7IM: Ten years in the life of ETFs

Aug 23rd, 2017 | By | Category: ETF and Index News

Peter Sleep, senior investment manager, Seven Investment Management (7IM) takes a look at key developments over the decade that he’s spent with 7IM. He reviews falling fees, the arrival of new players, through to some potential challengers for the future.

Peter Sleep, senior investment manager, Seven Investment Management (7IM).

Peter Sleep, senior investment manager, Seven Investment Management (7IM).

I arrived at 7IM just over ten years ago, right on the cusp of the global financial crisis. I want to assure 7IM’s clients that I had very little to do with the run on Northern Rock, the fall of Lehman Brothers and that I was not nationalised by Gordon Brown. I have however, been able to observe the growth of the UK’s exchange-traded funds market, so I thought I would pick out seven trends I have seen over the last decade.

ETFs were not unheard of back then, although they are much higher profile now. There were about 250 ETFs listed on the London Stock Exchange in 2007 versus 1,400 today, so the market was beyond its infancy and had perhaps graduated to pre-teen. Trading on the LSE was very thin though, with only £12bn traded on exchange in 2007, versus £224bn in 2016 – nearly a 20-fold increase. (Source: LSE)
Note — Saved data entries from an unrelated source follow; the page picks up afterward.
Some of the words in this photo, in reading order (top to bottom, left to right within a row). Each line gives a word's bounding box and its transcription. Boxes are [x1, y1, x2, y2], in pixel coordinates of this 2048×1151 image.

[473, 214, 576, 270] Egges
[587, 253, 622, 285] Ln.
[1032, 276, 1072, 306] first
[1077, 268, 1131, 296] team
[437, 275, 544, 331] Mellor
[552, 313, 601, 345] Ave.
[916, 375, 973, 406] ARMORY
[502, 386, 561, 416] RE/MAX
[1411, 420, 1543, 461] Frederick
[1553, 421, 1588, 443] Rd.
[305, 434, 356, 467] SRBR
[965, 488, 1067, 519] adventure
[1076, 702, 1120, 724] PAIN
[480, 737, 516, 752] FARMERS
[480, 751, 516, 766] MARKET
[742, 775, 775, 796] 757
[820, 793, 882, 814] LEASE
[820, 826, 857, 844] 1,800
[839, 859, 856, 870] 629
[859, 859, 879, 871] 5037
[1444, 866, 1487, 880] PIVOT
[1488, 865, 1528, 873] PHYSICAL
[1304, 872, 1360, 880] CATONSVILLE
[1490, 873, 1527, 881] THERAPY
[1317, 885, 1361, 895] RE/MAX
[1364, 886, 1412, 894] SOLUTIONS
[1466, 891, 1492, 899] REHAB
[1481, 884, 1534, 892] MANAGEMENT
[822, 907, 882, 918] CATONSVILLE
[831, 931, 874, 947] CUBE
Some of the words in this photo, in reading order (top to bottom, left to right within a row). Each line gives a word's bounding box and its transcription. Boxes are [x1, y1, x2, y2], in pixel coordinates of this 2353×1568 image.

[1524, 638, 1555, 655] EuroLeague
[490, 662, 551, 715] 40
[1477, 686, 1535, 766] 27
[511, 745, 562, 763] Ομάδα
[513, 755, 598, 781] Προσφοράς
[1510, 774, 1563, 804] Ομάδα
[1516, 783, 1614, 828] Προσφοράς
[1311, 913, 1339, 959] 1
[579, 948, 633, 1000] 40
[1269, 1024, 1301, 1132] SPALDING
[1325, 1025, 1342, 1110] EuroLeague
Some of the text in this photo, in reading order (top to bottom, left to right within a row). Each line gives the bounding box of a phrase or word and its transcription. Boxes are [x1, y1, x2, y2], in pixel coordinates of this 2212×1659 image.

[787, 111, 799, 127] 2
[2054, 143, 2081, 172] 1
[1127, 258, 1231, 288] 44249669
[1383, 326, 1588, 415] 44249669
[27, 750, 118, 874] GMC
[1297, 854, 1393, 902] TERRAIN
Here’s seven key trends as I see them:

  • Fall in fees

As far as investors are concerned, I think the most important trend has been the fall in fees, particularly for ETFs tracking the major equity indices. The ETF issuers denied the allegation of a price war, but I am not sure that anyone believed them and we all benefitted. Capitalism is a great thing and it guaranteed enough competition that the major FTSE 100, S&P 500 and Euro Stoxx 50 ETFs’ fees have fallen from around 0.40% to around 0.07%.

  • Arrival of Vanguard

Competition leads nicely on to new entrants. Perhaps the most important of which has been the arrival of Vanguard into the European ETF market. I am happy to pick out Vanguard as the most important new entrant as they are the most visible ETF issuer willing to compete on price.

  • Easy come, easy go?

There have been some notable exits of issuers and ETFs: let’s call it creative destruction. Credit Suisse and SPA are no longer issuing ETFs, and Fresco re-discovered their brand identity when they changed their name to UBS ETF. Perhaps the other great disappearing act was the disappearance of ETF broker, Knight Trading. They blew themselves up when someone switched on some untested software that ran live for 45 minutes causing a loss of $440m. Knight was rescued and returned as KCG for a period, before KCG agreed to be taken over earlier this year by Virtu Financial.

  • Boring and dramatic?

Most boring, but perhaps the most dramatic was the very brief Financial Stability Board’s report on ETFs in 2011. The effect of this report was to kill the rapid growth in synthetic ETFs stone dead and put the term ‘counterparty risk’ into every investors’ lexicon.

  • Growth in choice and diversity

ETFs have become much more diverse over the last ten years, particularly in fixed income. Areas like high yield, emerging market debt and convertible bonds, which I had assumed were small niches for specialist investors, have now become mainstream. We have always had diversity in equity ETFs, but the Horizon Marijuana Life Sciences ETF still surprised many old hands.

  • Smart beta

Another key theme has been the rise of the machine: smart beta ETFs, and we haven’t shied away from this space, either. Everyone hates the term smart beta, usually because, they say, it implies that market cap investing is dumb. Those who read the study by Andrew Clare and his colleagues at Cass Business School will realise that, well, market cap investing really can be pretty dumb. They randomly selected ten million monkey portfolios and only three monkeys failed to beat the market cap portfolio. In reality, life is rarely that simple – there’s some extraordinary fund managers out there. But smart beta is a space that should not be underestimated or ignored.

  • Robo investing

We all love to hate them, but the final trend in the ETF sector, which seems destined to gather pace is robo investing. They may be soaking up huge amounts of venture capital cash at the moment, but surely it is a matter of time before at least of few of them gains sufficient critical mass to mount a serious challenge to the old school investment houses.

Over ten years, the ETF sector has gone from pre-teen to a fully-fledged adult, even dabbling with drugs, via the Horizon Marijuana Lifesciences ETF, along the way. I can’t begin to imagine where it will go from here, but if the last ten years are anything to go by, it should be an interesting ride.

(The views expressed here are those of the author and do not necessarily reflect those of ETF Strategy.)